17話 束縛


 私は縛られている。


 左腕に巻かれた小さな腕時計には約束の時間5分前。ここ渋谷ハチ公前には沢山の人が大来しているが、未だ待ち人は現れず。

 いつ到着されても良いように背筋をピンと張り、女の子らしく両手を腰の前で鞄を握り締めた。こういう純粋そうな仕草に男は弱い。この何年も意識していた所為か、もうすっかり癖になってしまった。
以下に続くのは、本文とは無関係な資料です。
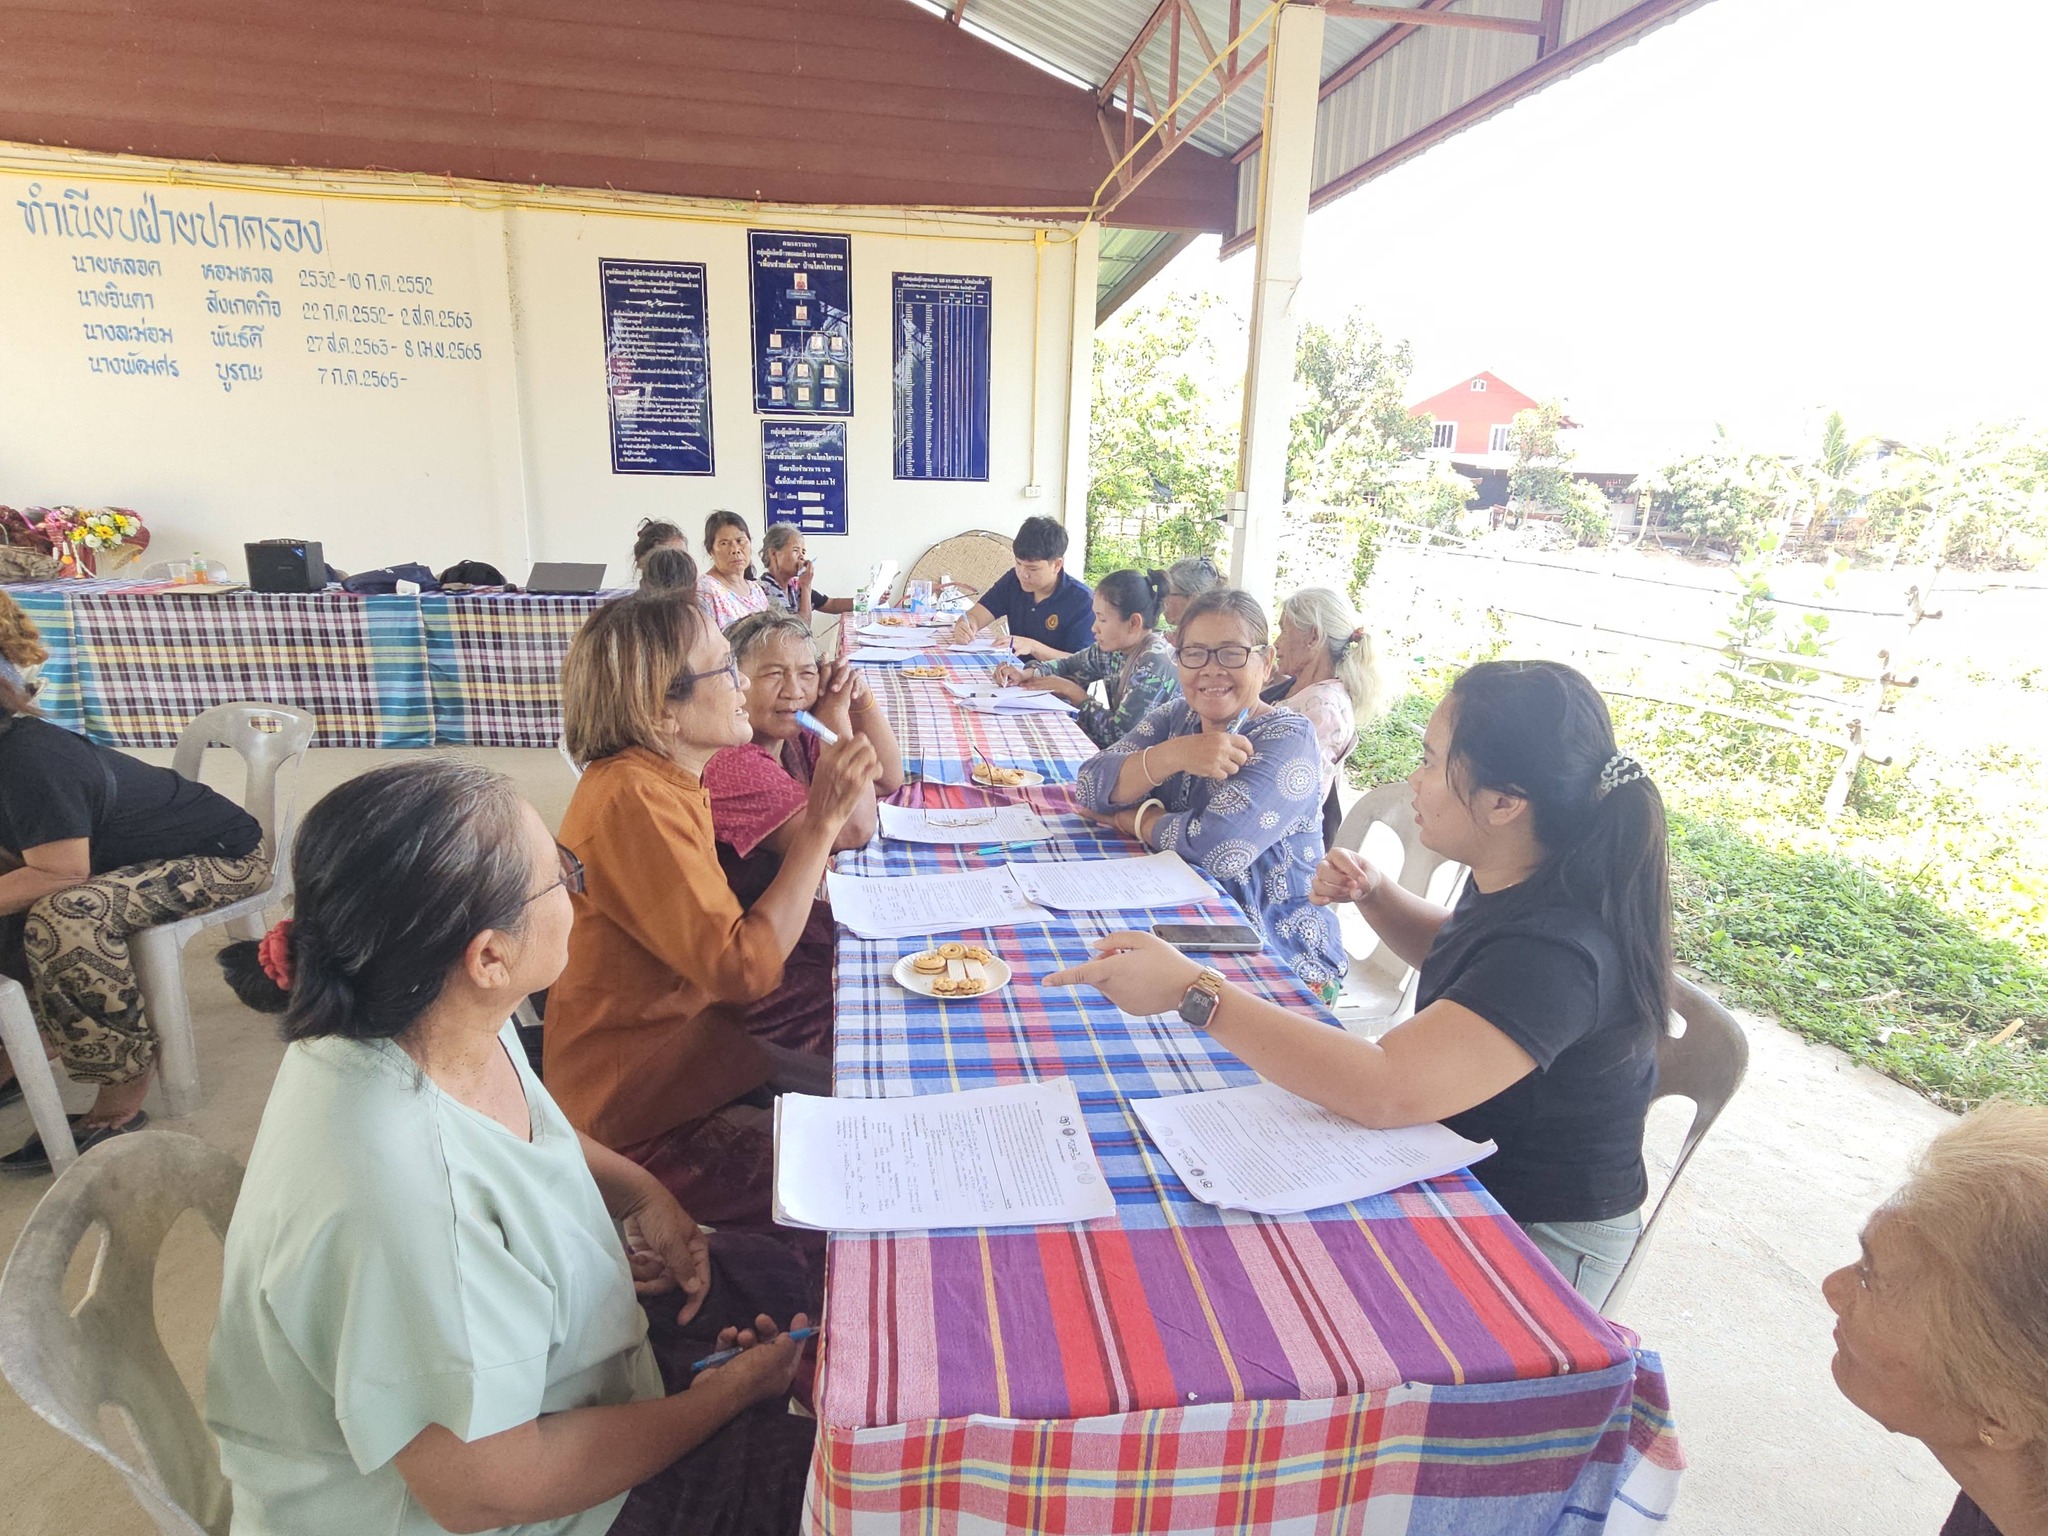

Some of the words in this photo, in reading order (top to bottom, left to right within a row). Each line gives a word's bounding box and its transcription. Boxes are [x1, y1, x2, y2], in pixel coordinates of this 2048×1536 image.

[16, 182, 323, 255] ทำเนียบฝ่ายปกครอง
[201, 263, 274, 284] หอมหวล
[302, 302, 320, 321] 22
[400, 308, 411, 326] 2
[83, 317, 174, 344] นางละม่อม
[306, 335, 323, 353] 27
[404, 339, 414, 358] 8
[215, 362, 263, 392] บูรณะ
[317, 367, 328, 385] 7
 先程から2分に1回のペースでやって来るナンパ男を全てスルーしながらスマートフォンを定期的に確認。唯ゆいから電話があった時は、腸が煮え返りそうな思いをしたが、そのおかげか、その後に引き起った会話のおかげで今日の私は自分でも驚くほど機嫌が良い。


 今日の私はデートに適した身なりをしている。

 白のワンピースにデニム生地のジャケット。高すぎないヒールのパンプス。お化粧もばっちり。これで落ちない男はいない。はずなのだが、あの朴念仁は何年経っても私にはときめかないようで、待ち合わせの際にどんなに可愛い服やアクセサリーを身に着けて来ても褒められた事は無い。まあ最初からそんな事は期待してはいないが、その割に別の女を度々作ってくる事には未だに解せない。


 ふと見知った影が一つ。遠目でちらほらと視界に圷涼あくつりょうの姿が見えた。鞄から小さな手鏡を出すと、今の自分の状態を最終確認する。問題無さそうだ。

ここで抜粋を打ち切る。